Should your client exercise while pregnant?

If possible, your client should exercise while pregnant. According to the American College of Obstetrics and Gynecology, pregnant women are encouraged to exercise for 30 minutes a day, most days of the week.

Exercise has been positively associated with a healthy pregnancy, as it helps prevent excess weight gain, gestational diabetes, and the potential complications associated with obesity during pregnancy. It can also improve glucose levels, reduce maternal fat storage, and lower fetal adiposity.  

However, exercise may not be suitable for everyone. Certain situations or medical conditions may hinder someone from exercising, so be sure to work with each client to determine the right amount of physical activity for their needs. 
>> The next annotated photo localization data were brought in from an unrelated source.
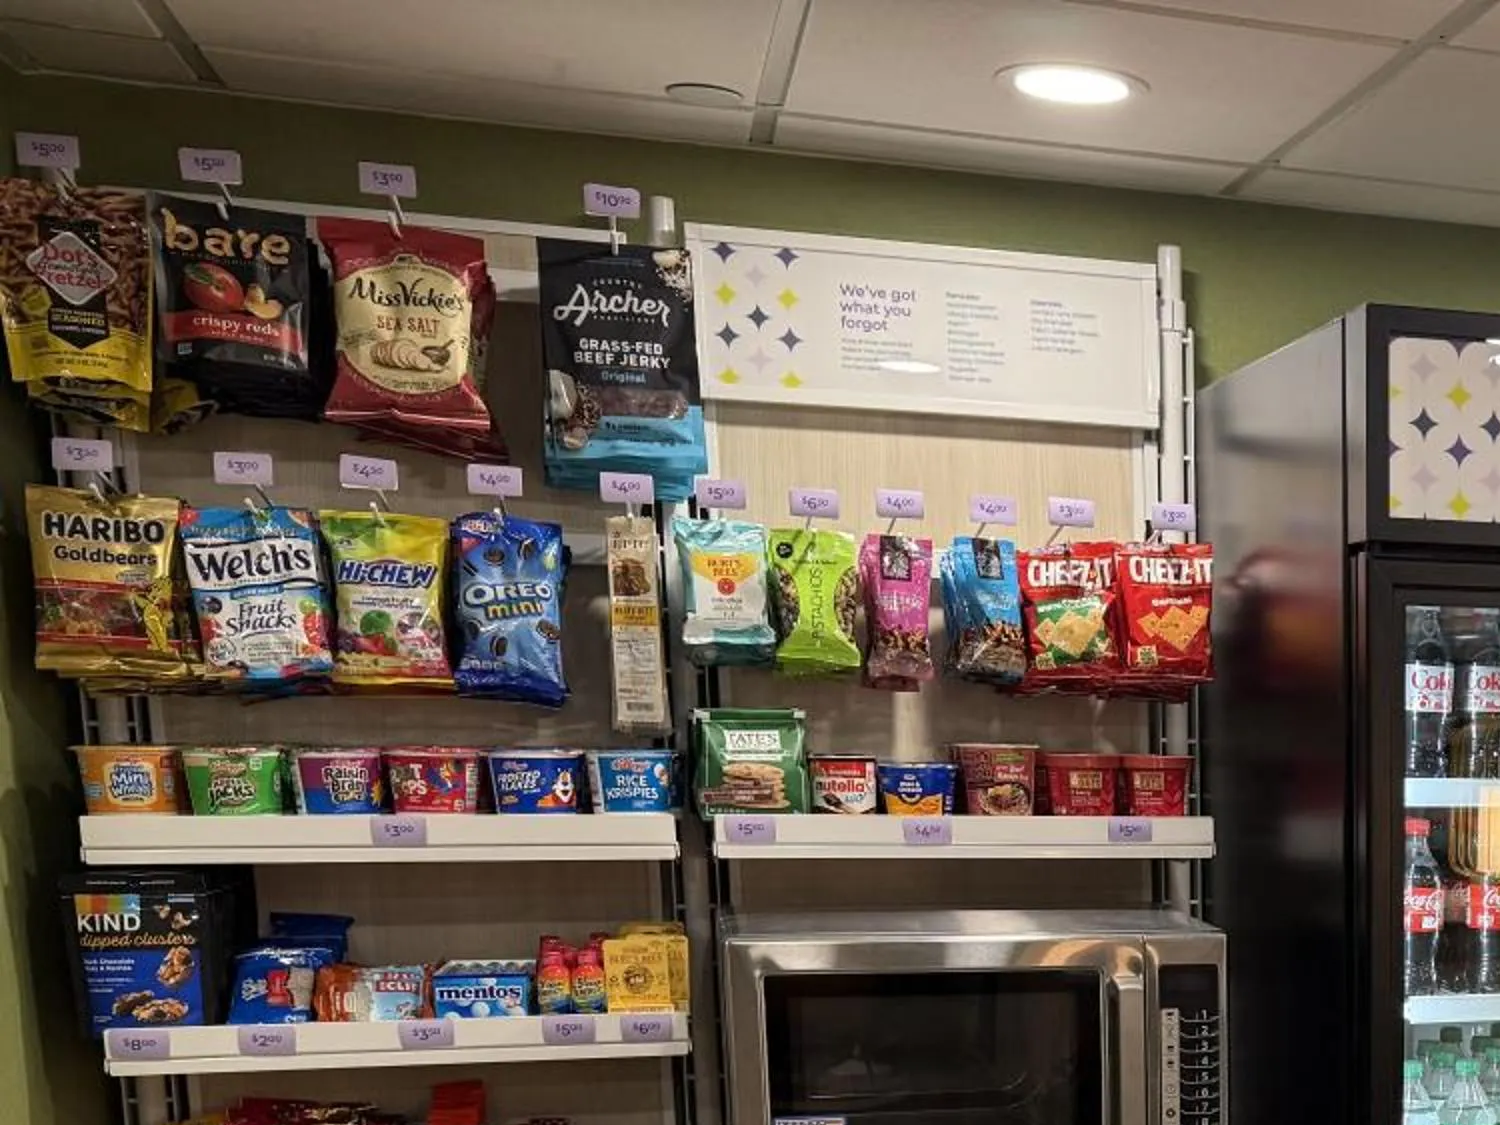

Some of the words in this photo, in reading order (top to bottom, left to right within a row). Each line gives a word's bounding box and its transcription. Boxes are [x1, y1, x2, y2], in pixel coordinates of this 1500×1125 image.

[161, 208, 291, 265] bare
[349, 277, 401, 307] Miss
[396, 278, 465, 317] Vickie's
[840, 284, 887, 300] We've
[891, 288, 917, 303] got
[553, 283, 671, 327] Archer
[840, 300, 880, 316] what
[883, 305, 912, 318] you
[193, 314, 242, 331] crispy
[377, 315, 402, 332] SEA
[407, 316, 441, 334] SALT
[840, 315, 888, 333] forgot
[579, 337, 664, 355] GRASS-FED
[573, 351, 615, 366] BEEF
[619, 354, 671, 369] JERKY
[41, 512, 166, 544] HARIBO
[53, 545, 158, 567] Goldbears
[188, 543, 312, 581] Welch's
[464, 583, 552, 607] OREO
[239, 599, 287, 617] Fruit
[486, 601, 545, 620] mini
[226, 614, 297, 637] Snacks
[323, 766, 369, 781] Raisin
[615, 774, 648, 787] RICE
[606, 786, 660, 800] KRISPIES
[814, 777, 867, 794] nutella
[208, 785, 255, 808] JACKS
[76, 913, 142, 933] KIND
[79, 931, 132, 950] dipped
[133, 931, 197, 946] clusters
[436, 985, 522, 1000] mentos
[1201, 1009, 1208, 1020] 1
[1201, 1025, 1208, 1035] 2
[1201, 1056, 1208, 1065] 4
[1201, 1071, 1208, 1081] 5
[1201, 1102, 1208, 1111] 7
Body image during pregnancy

The body goes through some major changes during pregnancy and it can be hard for your client to not feel frustrated with pregnancy weight gain. Here are some ways you can help encourage your client with body weight during pregnancy. 

  • Ditch the scale at home. The scale may be triggering, so encourage these clients to avoid the scale at home and have them keep a record of weight changes instead. 
  • Remind them that these changes are normal. Weight gain can be hard for some women to grapple with, so gently remind them that these changes are normal, and are beneficial for the baby’s growth and development.
  • Show appreciation for their body. Instead of being negative about weight gain, encourage your clients to appreciate how their body is changing and what it’s doing. After all, growing a human being is no small feat!


Gaining weight during pregnancy is normal; however, excess weight gain can negatively affect the health of both mom and baby. You can help your clients maintain a healthy weight gain by providing a meal plan rich in iron, calcium, vitamin D, and folate, and encouraging physical activity if appropriate.